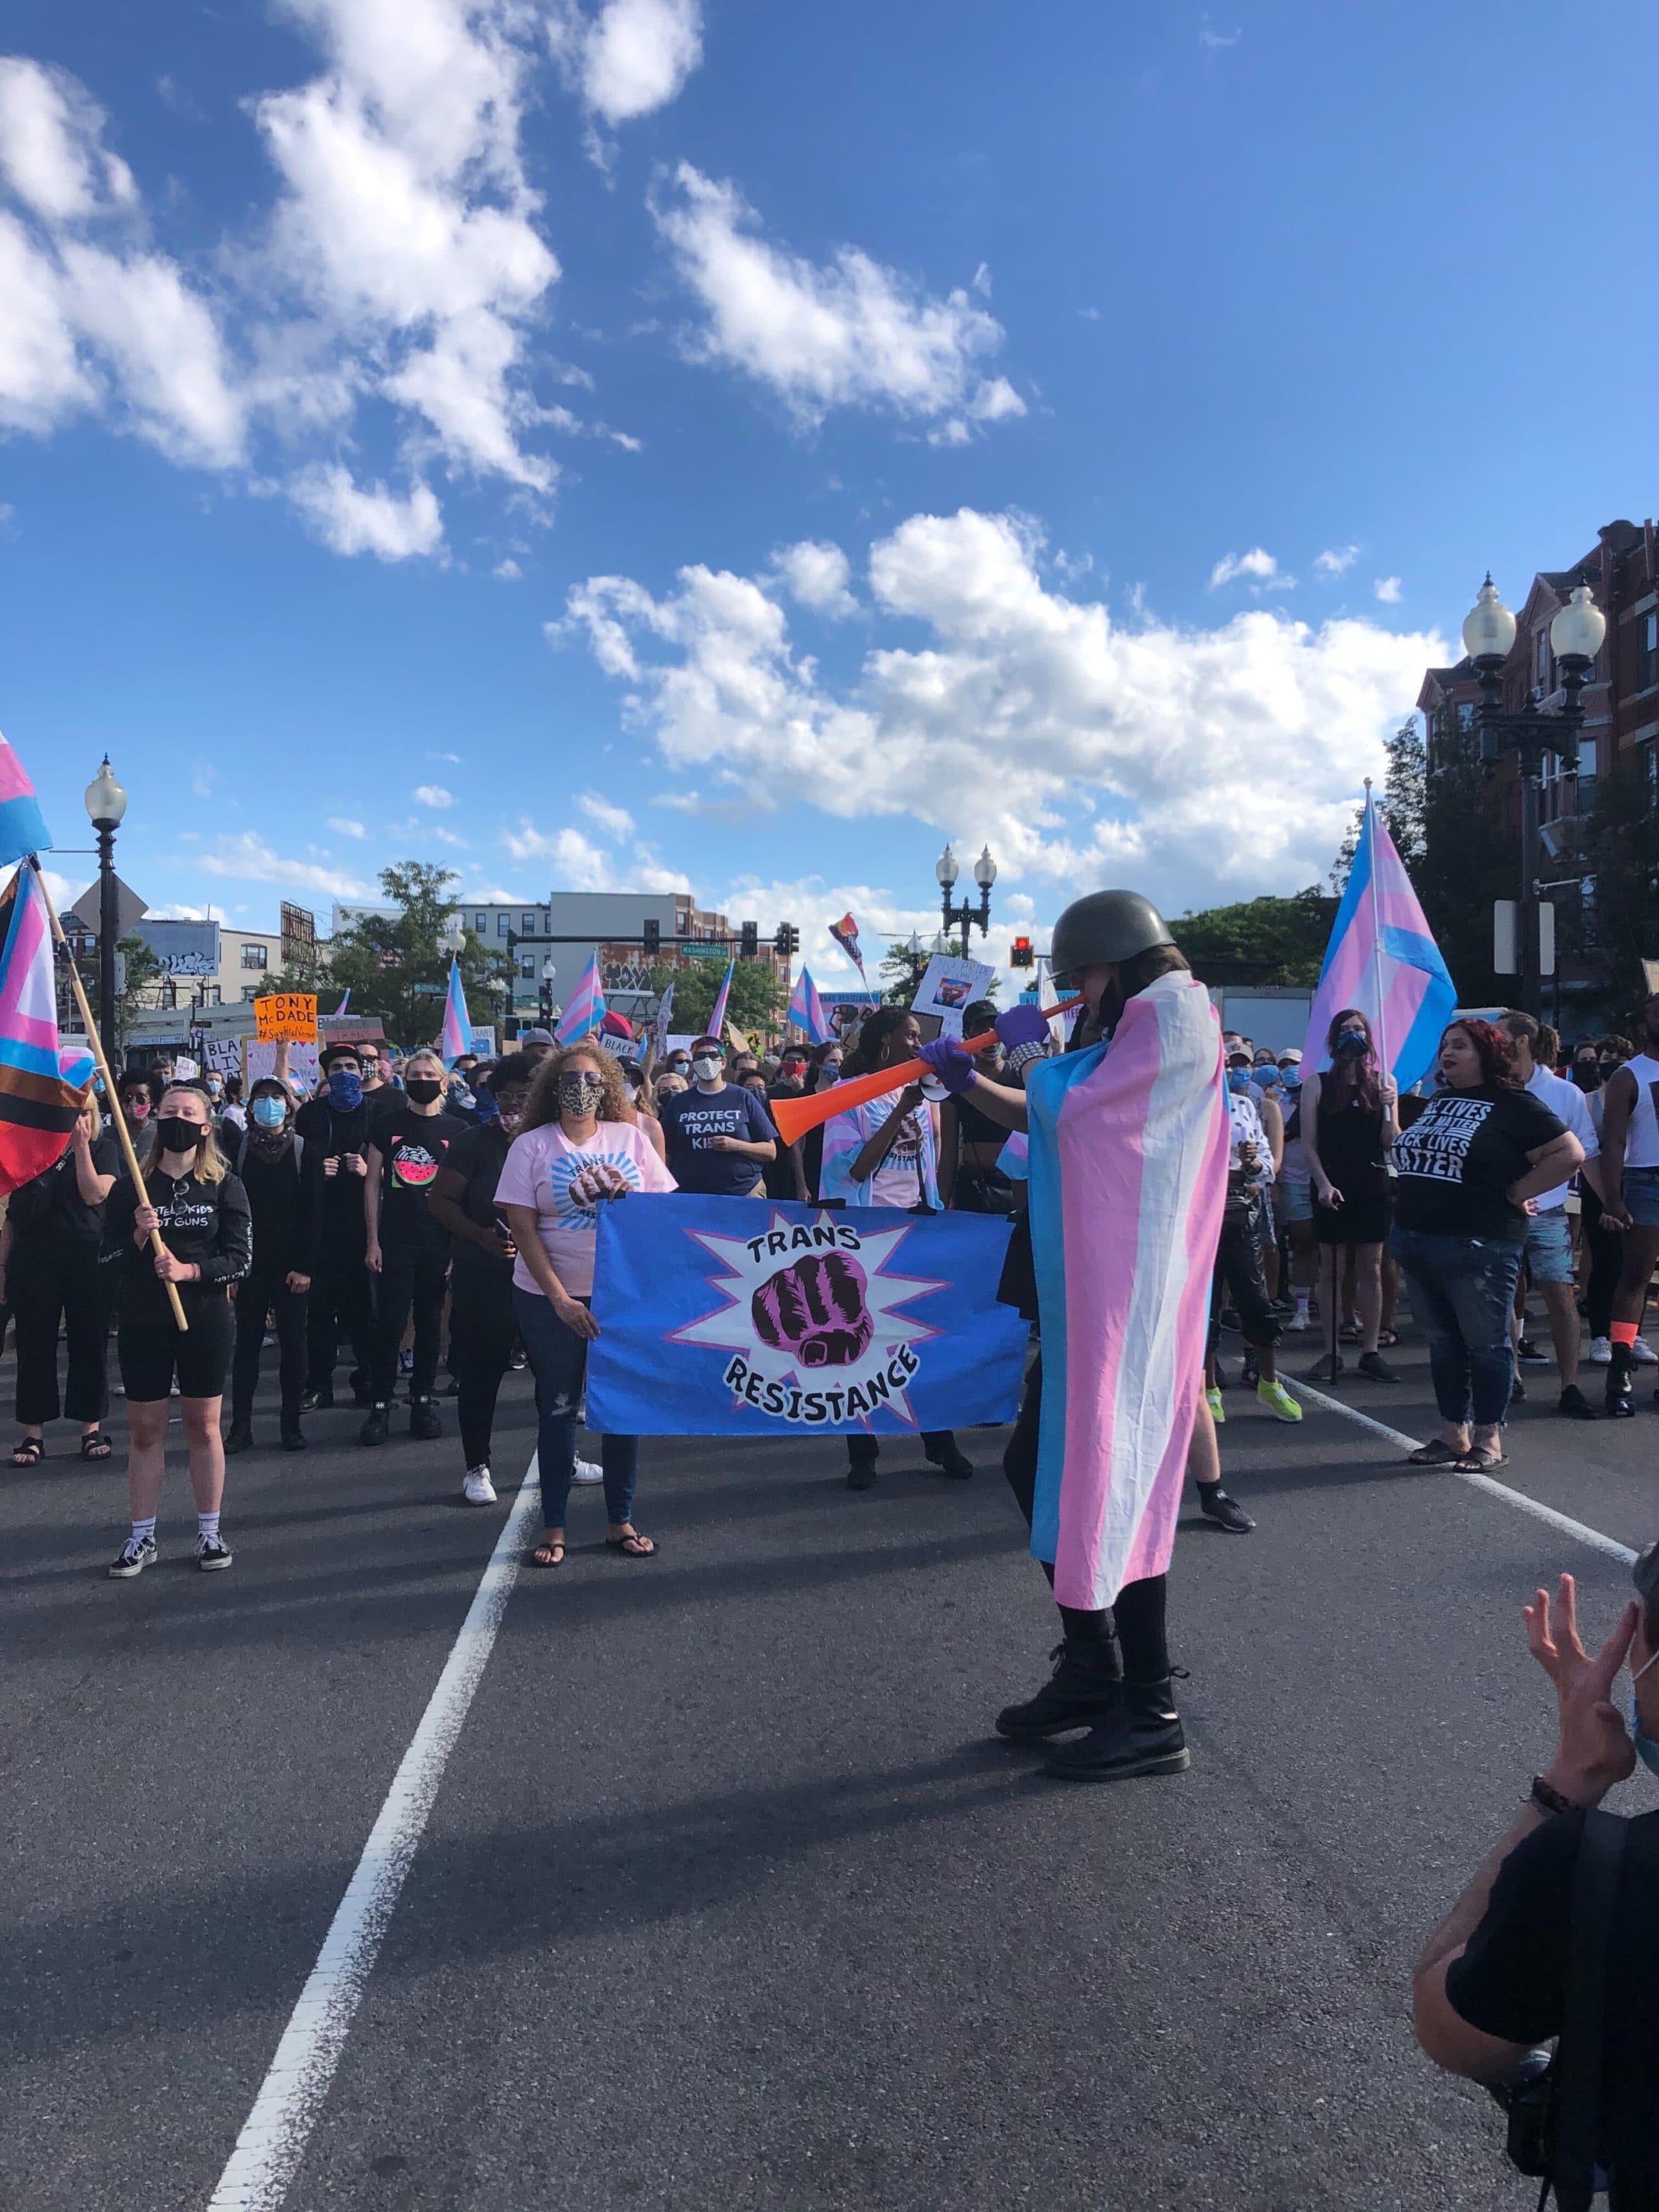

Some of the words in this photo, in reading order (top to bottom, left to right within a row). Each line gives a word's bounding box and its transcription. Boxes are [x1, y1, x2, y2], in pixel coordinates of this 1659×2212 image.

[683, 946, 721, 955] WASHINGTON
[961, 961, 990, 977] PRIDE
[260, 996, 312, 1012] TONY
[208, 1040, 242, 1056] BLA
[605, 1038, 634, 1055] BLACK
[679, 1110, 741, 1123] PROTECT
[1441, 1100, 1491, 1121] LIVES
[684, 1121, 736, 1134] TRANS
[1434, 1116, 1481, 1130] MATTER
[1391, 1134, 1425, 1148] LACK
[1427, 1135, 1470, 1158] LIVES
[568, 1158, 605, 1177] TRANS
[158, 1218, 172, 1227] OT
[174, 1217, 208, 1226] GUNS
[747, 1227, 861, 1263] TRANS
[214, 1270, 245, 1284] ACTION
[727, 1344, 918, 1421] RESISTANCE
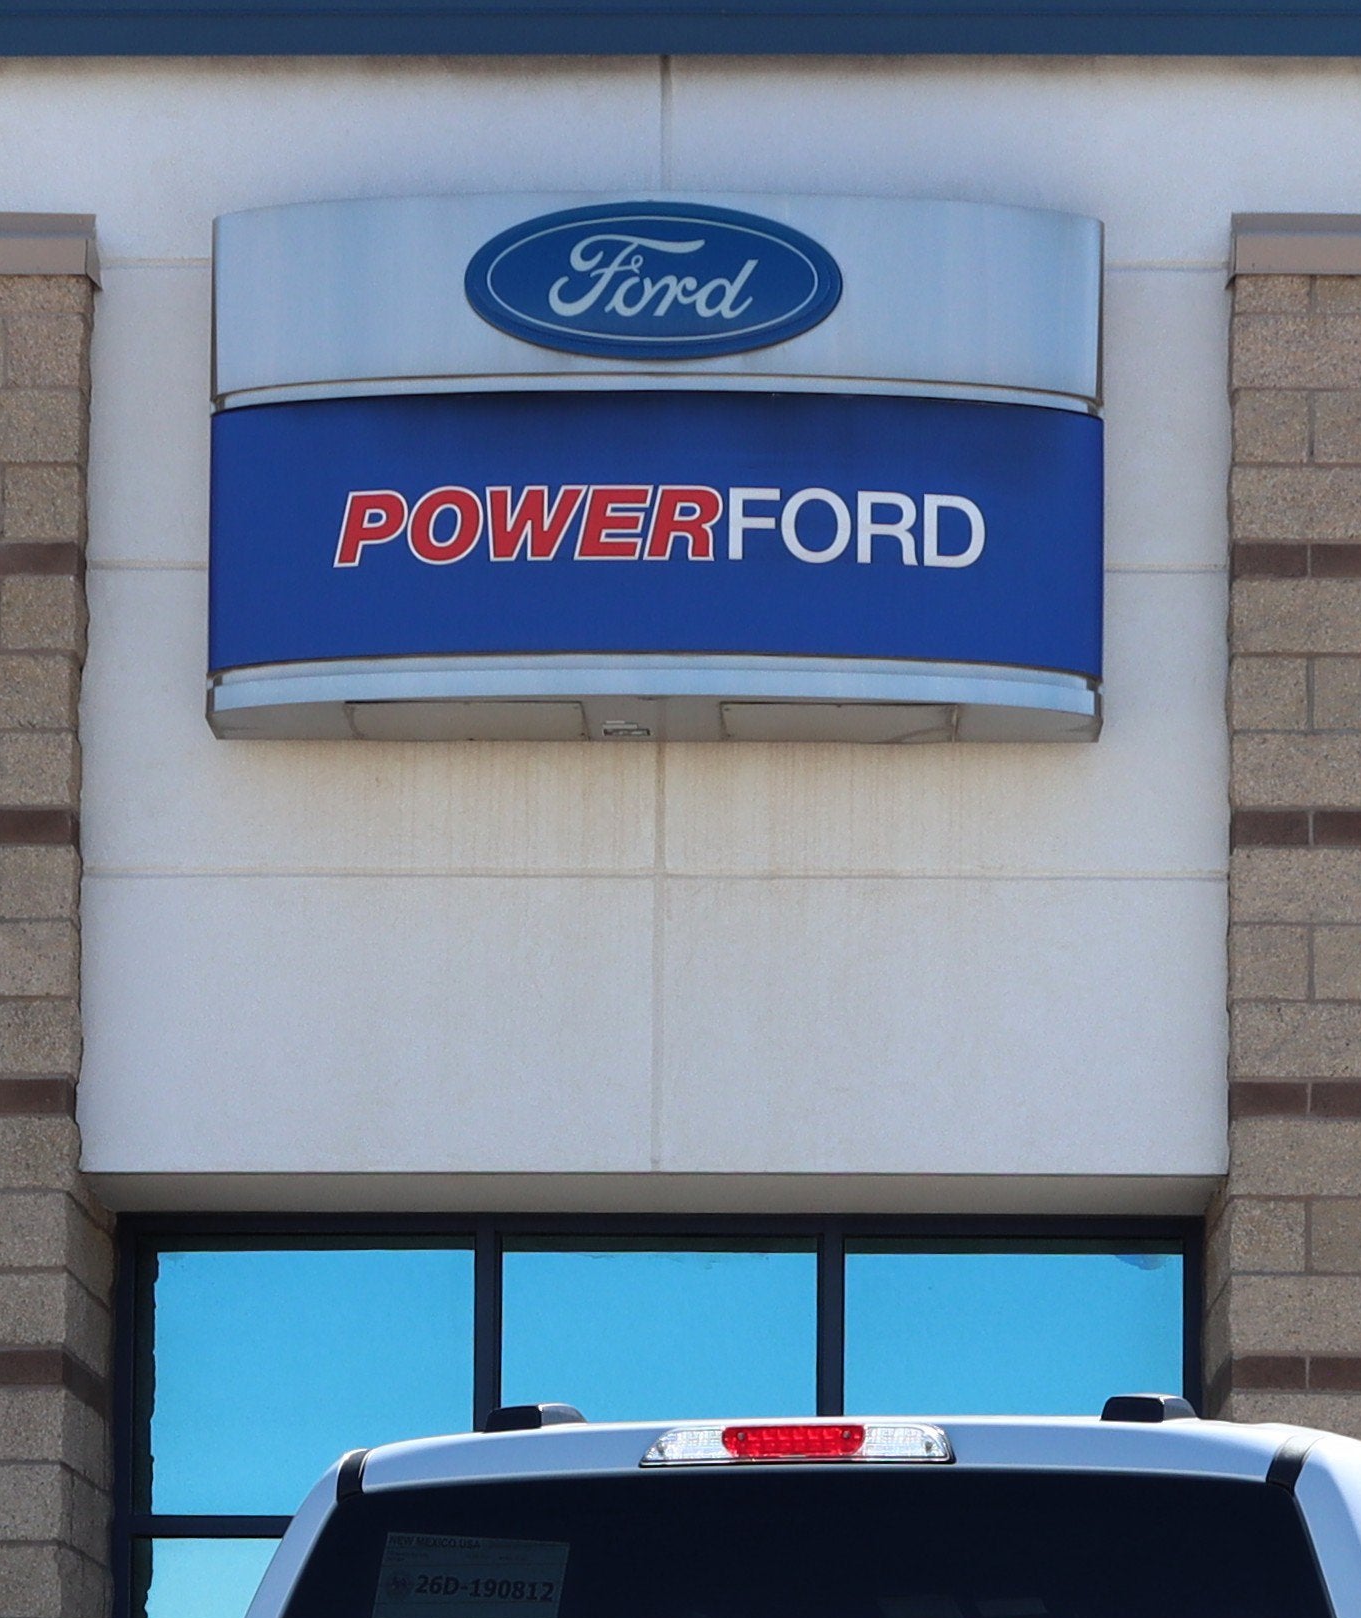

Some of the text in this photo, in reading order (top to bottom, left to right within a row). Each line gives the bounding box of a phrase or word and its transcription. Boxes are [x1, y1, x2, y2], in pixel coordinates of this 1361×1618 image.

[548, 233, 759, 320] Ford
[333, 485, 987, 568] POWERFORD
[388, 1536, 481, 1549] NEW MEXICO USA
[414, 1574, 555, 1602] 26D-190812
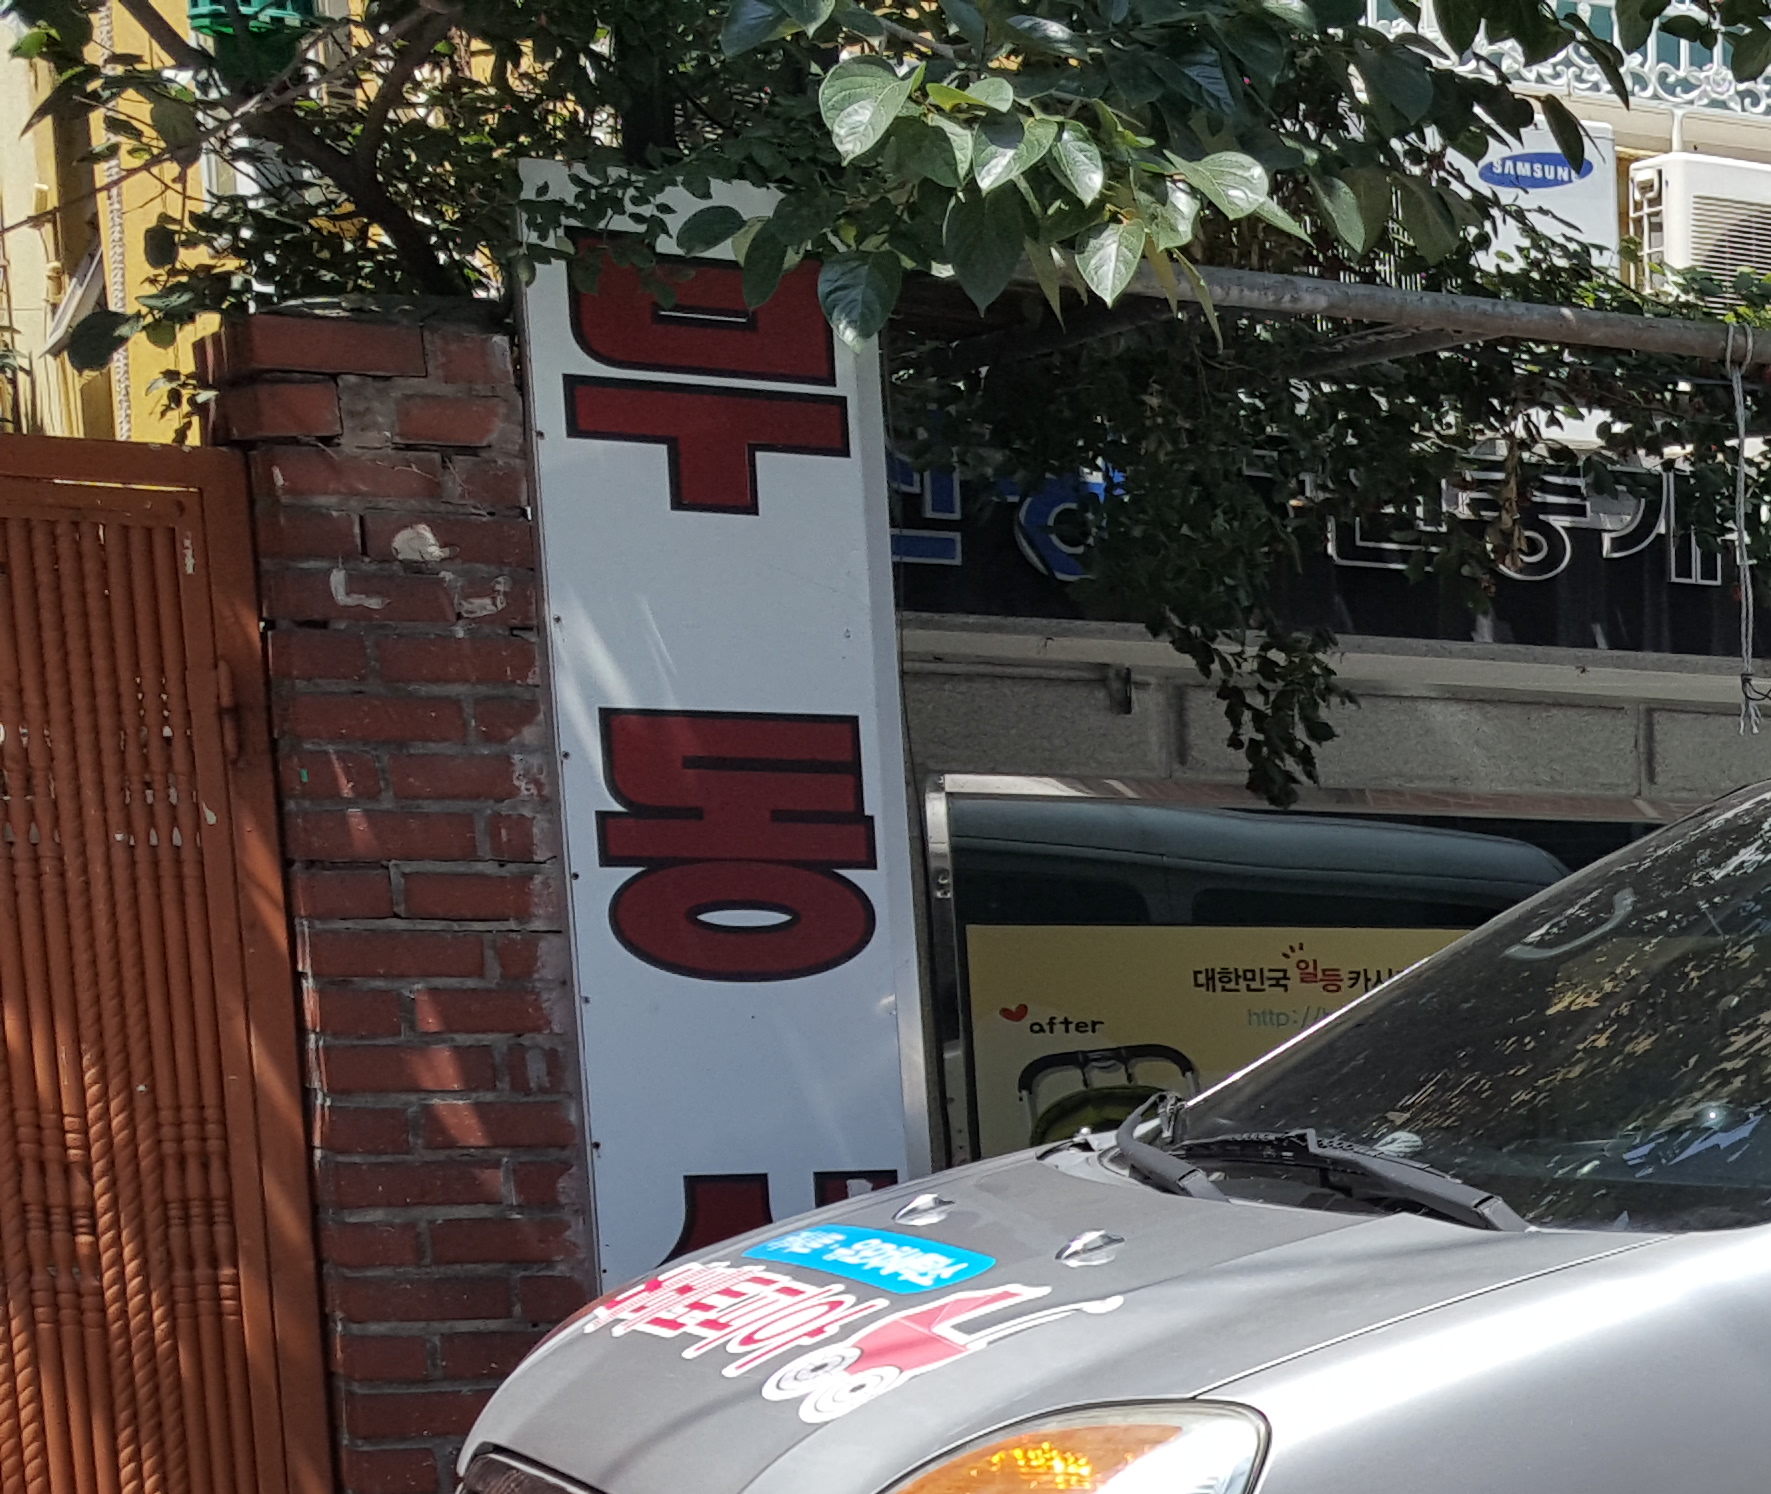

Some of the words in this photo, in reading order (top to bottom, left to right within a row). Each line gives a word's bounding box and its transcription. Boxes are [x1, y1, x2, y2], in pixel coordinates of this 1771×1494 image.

========================================

● THE PROBLEM: Could you restate each record word for word, keeping the pictures out?

● ANSWER BOX:
Some of the words in this photo, in reading order (top to bottom, left to right within a row). Each line gives a word's bounding box and its transcription. Boxes are [x1, y1, x2, y2], in pixel coordinates of this 1659×2212 image.

[683, 946, 721, 955] WASHINGTON
[961, 961, 990, 977] PRIDE
[260, 996, 312, 1012] TONY
[208, 1040, 242, 1056] BLA
[605, 1038, 634, 1055] BLACK
[679, 1110, 741, 1123] PROTECT
[1441, 1100, 1491, 1121] LIVES
[684, 1121, 736, 1134] TRANS
[1434, 1116, 1481, 1130] MATTER
[1391, 1134, 1425, 1148] LACK
[1427, 1135, 1470, 1158] LIVES
[568, 1158, 605, 1177] TRANS
[158, 1218, 172, 1227] OT
[174, 1217, 208, 1226] GUNS
[747, 1227, 861, 1263] TRANS
[214, 1270, 245, 1284] ACTION
[727, 1344, 918, 1421] RESISTANCE

Some of the text in this photo, in reading order (top to bottom, left to right within a row). Each line gives the bounding box of a phrase or word and its transcription. Boxes are [x1, y1, x2, y2], in pixel coordinates of this 1361×1618 image.

[548, 233, 759, 320] Ford
[333, 485, 987, 568] POWERFORD
[388, 1536, 481, 1549] NEW MEXICO USA
[414, 1574, 555, 1602] 26D-190812

Some of the words in this photo, in reading order (top to bottom, left to right within a row). Each line gives a word's bounding box and its transcription. Boxes are [x1, y1, x2, y2], in pixel coordinates of this 1771×1494 image.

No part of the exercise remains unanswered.